Using trifoliates, citranges and sour oranges planting density can be from 250-350 trees/acre yielding a planting distance of from 9 feet (250) to 6 feet (350) between trees using 20 foot rows (625-875 trees/hectare, 2.75-1.75 m between trees respectively using 6 m rows). With lemon-type rootstock density will be lower due to the increased vigor of the tree (200-250/acre, 500-625/hectare).


'Tango', similar to W. Murcott, can produce enormous crops for the size of the tree, but like many late-season mandarin will go into complete alternate bearing if allowed to do this (allowing fruit to hang on the tree well past flowering). Based on trials it is best to maintain crops at about 160-175 lbs./tree (~75-80 kilos) for trees on trifoliate, citrange and sour orange rootstocks. This will yield 6-7 (25#) boxes/tree, more than sufficient given the very high packout (~90%) of 'Tango'. Lemon-type rootstocks, since they produce a larger tree can support proportionally higher yields (8-9 boxes/tree).

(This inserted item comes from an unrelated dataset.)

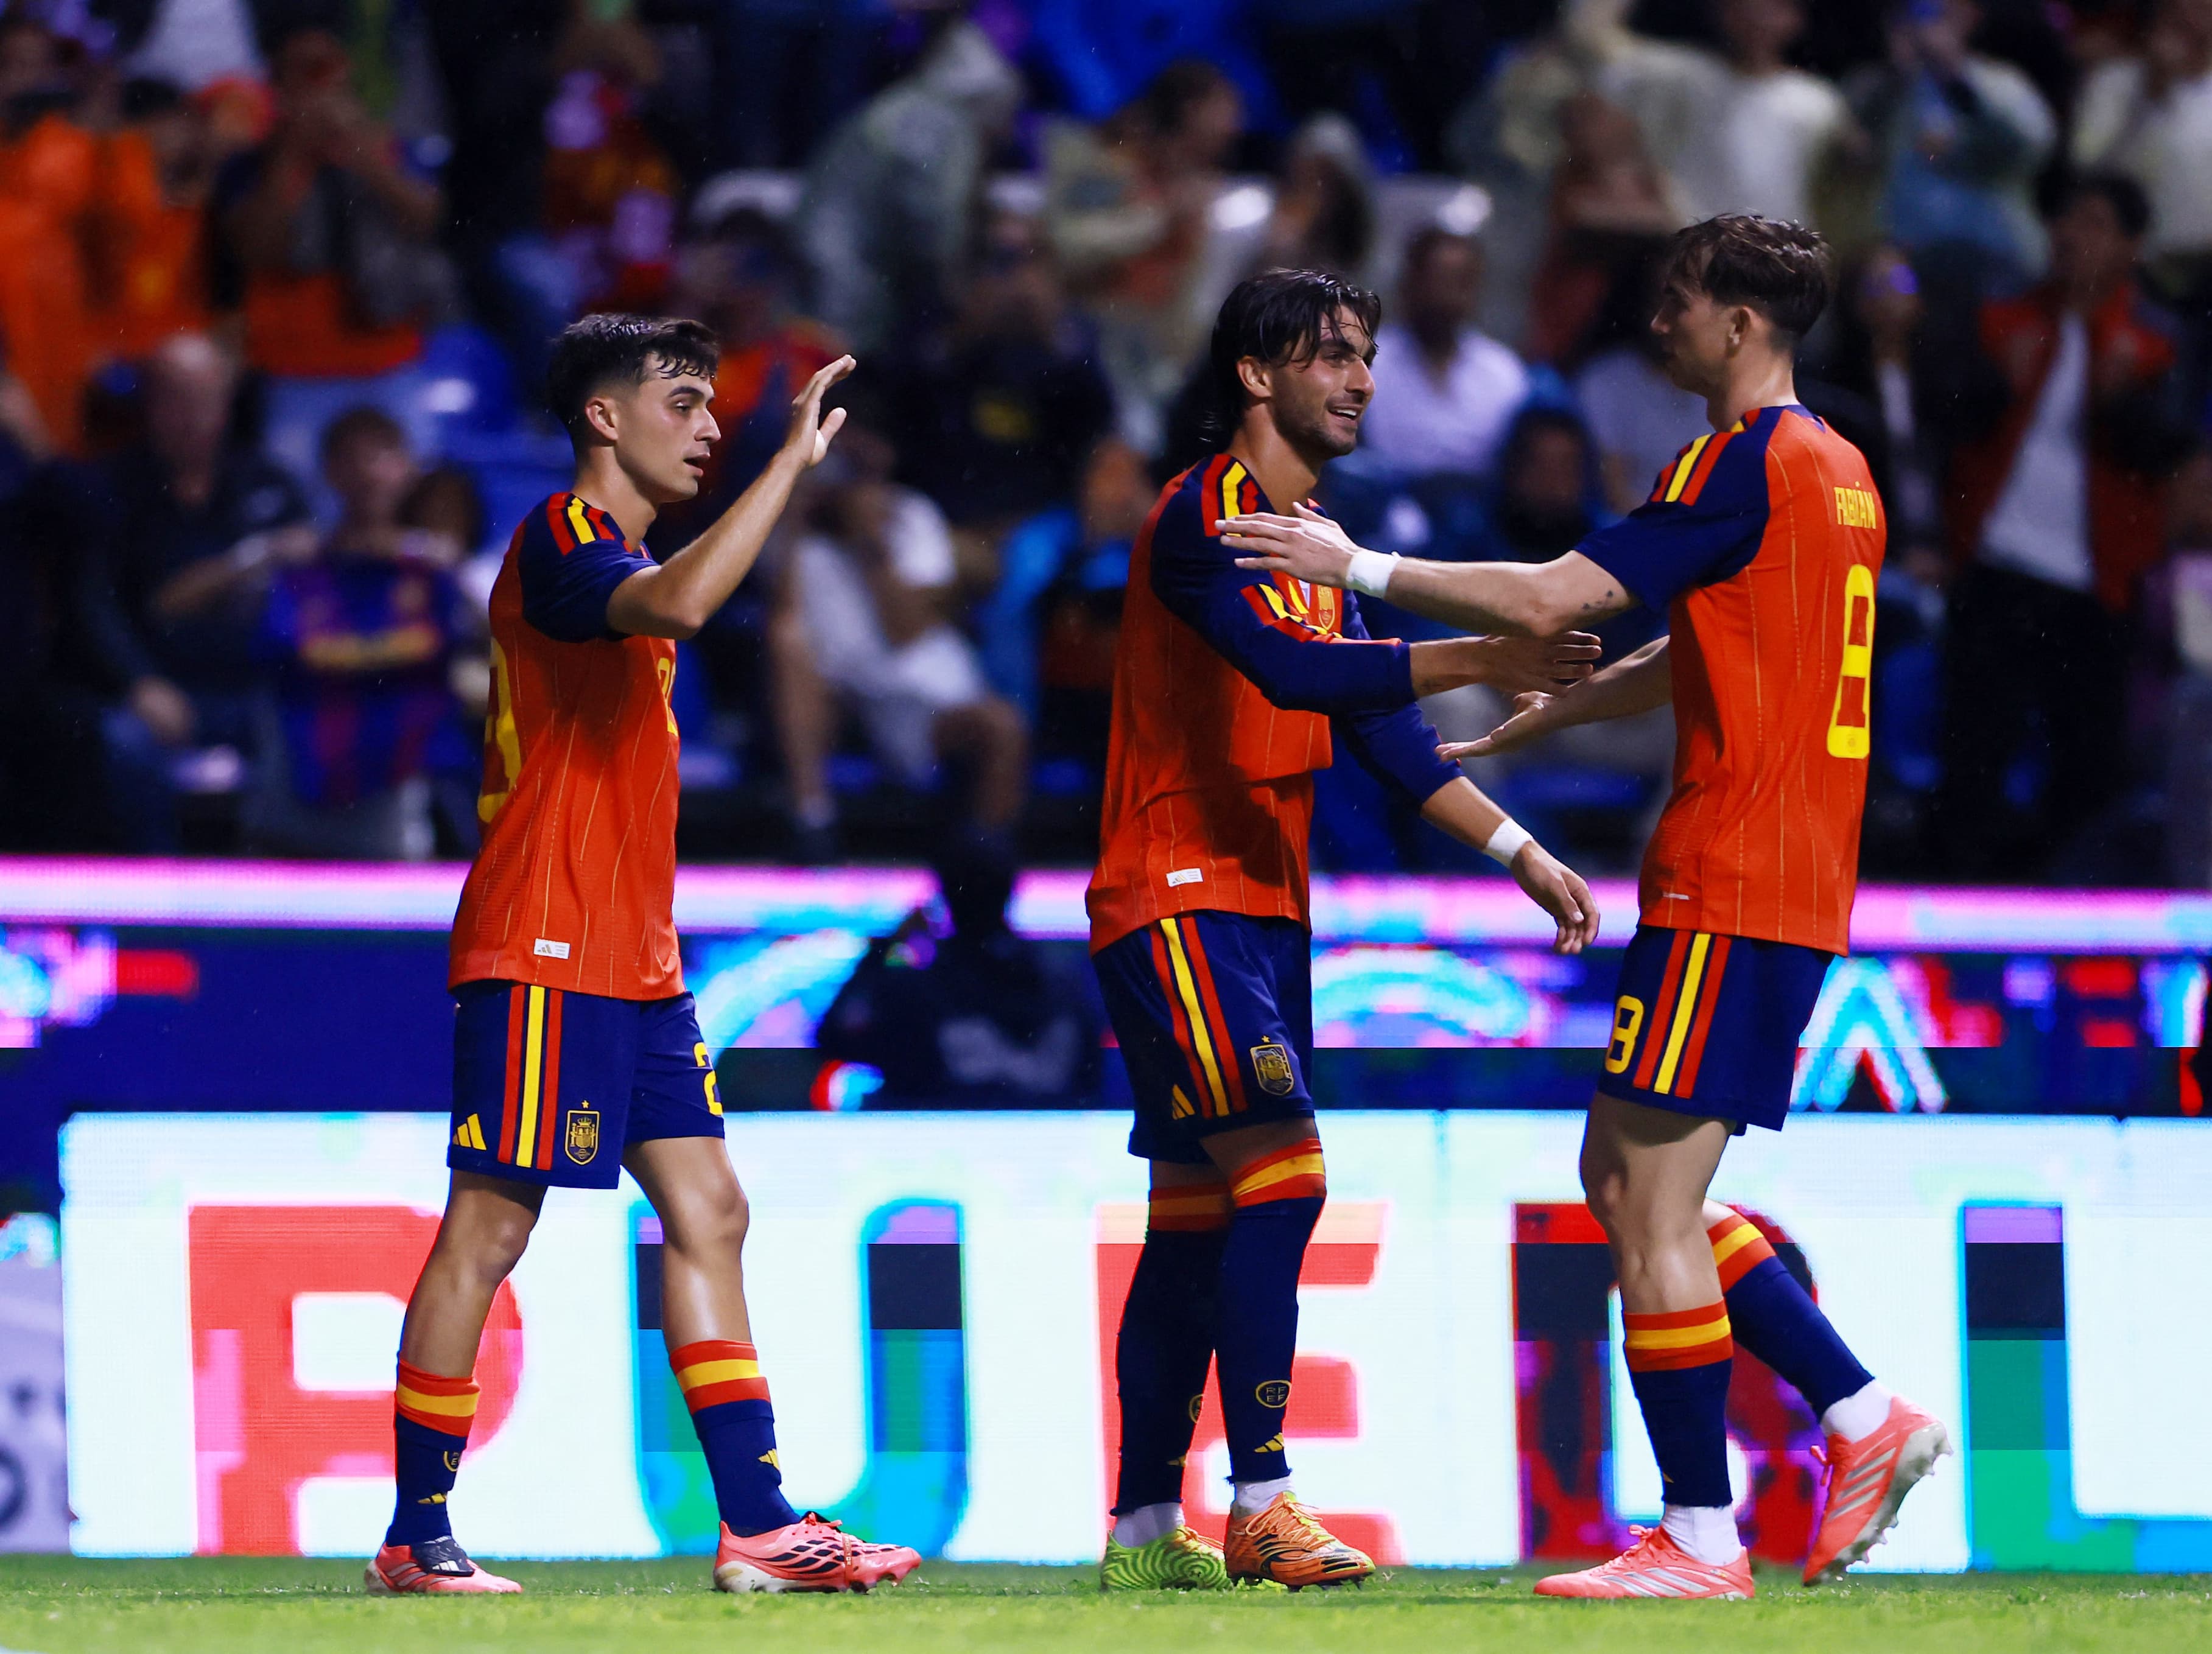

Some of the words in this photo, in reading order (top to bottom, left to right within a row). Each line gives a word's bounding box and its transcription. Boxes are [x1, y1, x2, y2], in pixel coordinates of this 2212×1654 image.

[1834, 481, 1876, 529] FABIÁN
[1827, 564, 1875, 759] 8
[1605, 995, 1644, 1074] 8

It is advisable to thin 'Tango' starting in August to eliminate very small fruit and excessive fruit set. While a market exists for fruit smaller than 40s, premium prices are obtained for fruit in the 24-28 size range, sizes much more likely with thinning and production management.


'Tango' trees, like W. Murcott need to be pruned to maintain tree size and shape in relation to production. 'Tango' grows vertically when young producing ~four vertical branches that need to be pruned back at 2-3 years of age to about four feet in height (1.3m) to form a more rounded crown and to reduce limb breakage which will occur on these long 'leggy' branches. Ideally, 'Tango' trees should then be top and side-pruned on a regular basis to maintain shorter branches more capable of supporting fruit loads. Hand pruning is best since select branches need to be cut, mechanical pruning generally does not allow this.


Trials indicate that 'Tango' requires no special fertilization practices beyond those normally applied for mandarins with heavy fruit loads. Excessive nitrogen can result in rougher fruit. Prior to first fruiting fertilizer should be applied generously but judiciously to give the trees a good start, later fertilization should be fine-tuned.